1) Die Lage der Insel muß sich unausbleiblich binnen zwei bis drei
Jahren und kann sich in jedem Augenblicke ändern.

2) Keine Veränderung kann ohne Einmischung der Vereinigten Staaten
und ohne daß diese sie als zulässig erachten, stattfinden.

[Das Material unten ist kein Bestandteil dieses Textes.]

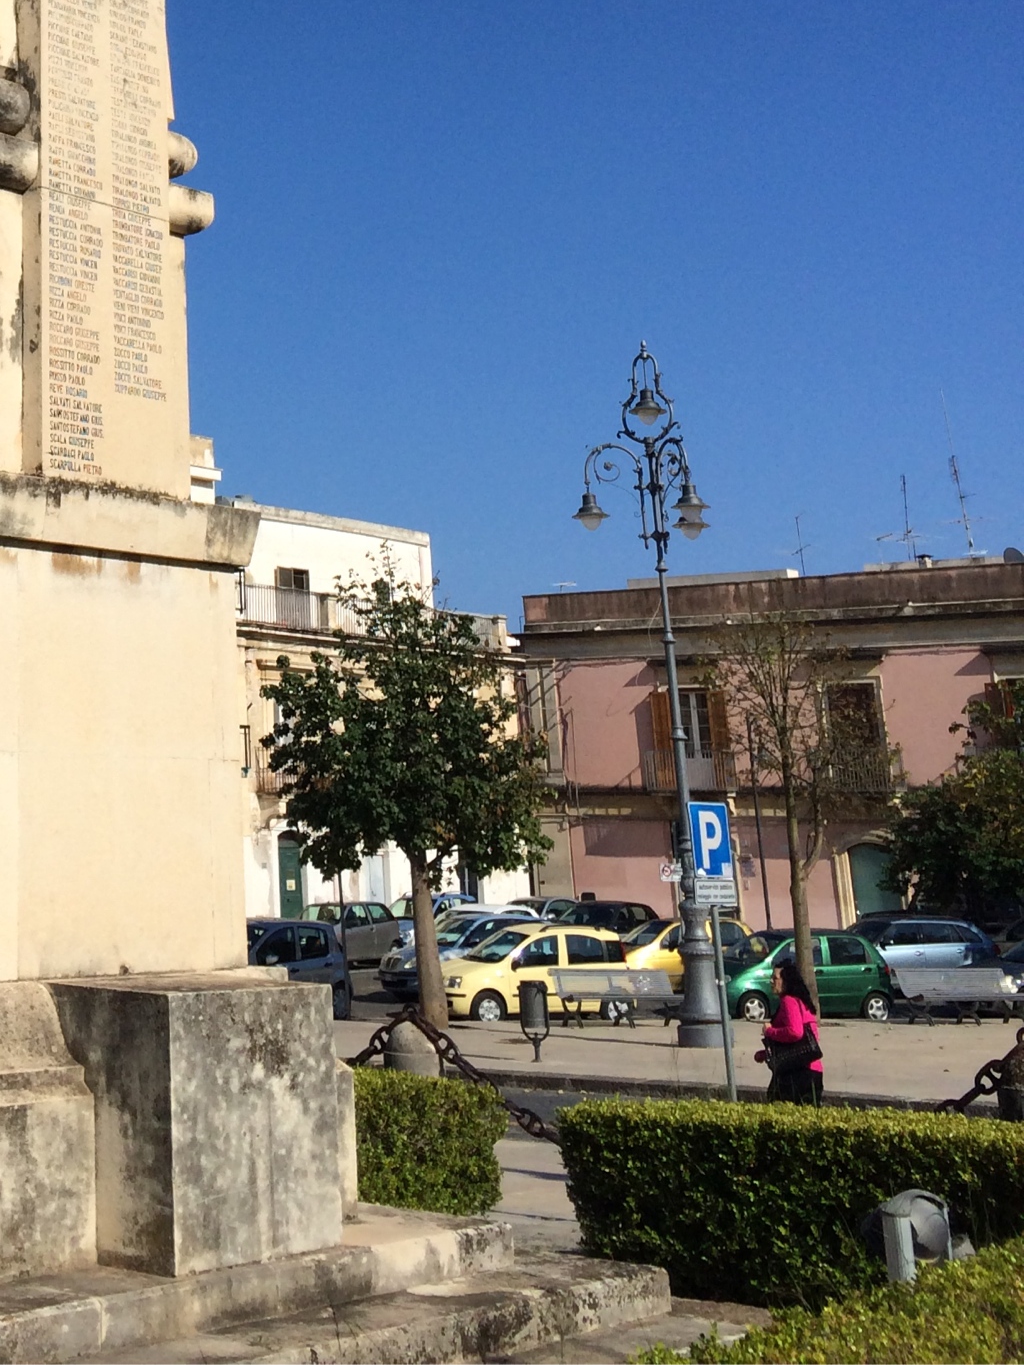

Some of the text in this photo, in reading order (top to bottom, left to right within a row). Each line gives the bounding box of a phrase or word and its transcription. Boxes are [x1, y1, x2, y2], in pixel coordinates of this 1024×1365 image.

Aus diesen Prämissen scheint sich der nothwendige Schluß zu ergeben, daß es
die Politik und die Pflicht der Vereinigten Staaten ist, den Versuch zu machen, ohne
Zeitverlust auf friedlichem Wege in den Besitz der Insel zu gelangen. Wenn
sie dabei keinen Erfolg haben, so ist es moralisch sicher, daß sie in nicht sehr
ferner Zeit genöthigt sein werden, dasselbe Ziel in gehässigerer Weise zu er¬
reichen und auf die Gefahr hin in Verwickelungen mit einer oder einigen der
europäischen Großmächte zu gerathen. Die Hauptfrage ist daher, ob dem
spanischen Ministerium eine Entschädigung solcher Art angeboten werden
könnte, daß es sich bewogen fände, die Insel abzutreten. Wenn dies mög-



") Die Unabhängigkeit Mexikos wurde am 28. December 1836 anerkannt.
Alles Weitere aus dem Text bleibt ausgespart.